* _Aim of the task_:
Extract the final stretch of the data: the line that contains "this 2000×1334 image." and every line after it, unaltered, and no other lines.

*** Exercise materials ***

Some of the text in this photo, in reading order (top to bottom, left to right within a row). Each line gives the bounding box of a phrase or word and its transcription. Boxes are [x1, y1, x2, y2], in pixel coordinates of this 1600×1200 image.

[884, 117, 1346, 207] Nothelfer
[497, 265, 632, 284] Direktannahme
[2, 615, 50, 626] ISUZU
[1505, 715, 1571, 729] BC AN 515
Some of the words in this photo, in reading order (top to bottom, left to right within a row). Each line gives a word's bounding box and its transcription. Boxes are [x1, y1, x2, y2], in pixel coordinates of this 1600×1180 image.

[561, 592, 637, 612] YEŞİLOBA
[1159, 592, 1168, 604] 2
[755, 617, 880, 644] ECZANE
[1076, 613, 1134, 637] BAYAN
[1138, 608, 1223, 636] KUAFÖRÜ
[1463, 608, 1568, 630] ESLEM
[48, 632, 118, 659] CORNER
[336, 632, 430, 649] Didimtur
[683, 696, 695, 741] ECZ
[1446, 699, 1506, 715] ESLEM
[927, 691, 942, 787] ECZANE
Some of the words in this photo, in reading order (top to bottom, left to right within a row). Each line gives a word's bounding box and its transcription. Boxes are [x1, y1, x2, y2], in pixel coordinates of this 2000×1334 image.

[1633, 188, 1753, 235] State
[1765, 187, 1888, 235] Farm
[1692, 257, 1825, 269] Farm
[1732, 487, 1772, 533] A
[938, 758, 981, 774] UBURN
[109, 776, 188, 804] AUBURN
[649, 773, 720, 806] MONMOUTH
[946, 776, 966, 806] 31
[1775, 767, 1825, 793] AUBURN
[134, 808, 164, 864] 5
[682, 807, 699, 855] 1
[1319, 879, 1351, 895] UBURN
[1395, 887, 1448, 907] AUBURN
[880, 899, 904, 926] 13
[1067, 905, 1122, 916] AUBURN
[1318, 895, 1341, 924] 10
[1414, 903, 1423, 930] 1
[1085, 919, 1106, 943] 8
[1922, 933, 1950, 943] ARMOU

*** End of Exercise materials ***

* _Expected output_:
Some of the words in this photo, in reading order (top to bottom, left to right within a row). Each line gives a word's bounding box and its transcription. Boxes are [x1, y1, x2, y2], in pixel coordinates of this 2000×1334 image.

[1633, 188, 1753, 235] State
[1765, 187, 1888, 235] Farm
[1692, 257, 1825, 269] Farm
[1732, 487, 1772, 533] A
[938, 758, 981, 774] UBURN
[109, 776, 188, 804] AUBURN
[649, 773, 720, 806] MONMOUTH
[946, 776, 966, 806] 31
[1775, 767, 1825, 793] AUBURN
[134, 808, 164, 864] 5
[682, 807, 699, 855] 1
[1319, 879, 1351, 895] UBURN
[1395, 887, 1448, 907] AUBURN
[880, 899, 904, 926] 13
[1067, 905, 1122, 916] AUBURN
[1318, 895, 1341, 924] 10
[1414, 903, 1423, 930] 1
[1085, 919, 1106, 943] 8
[1922, 933, 1950, 943] ARMOU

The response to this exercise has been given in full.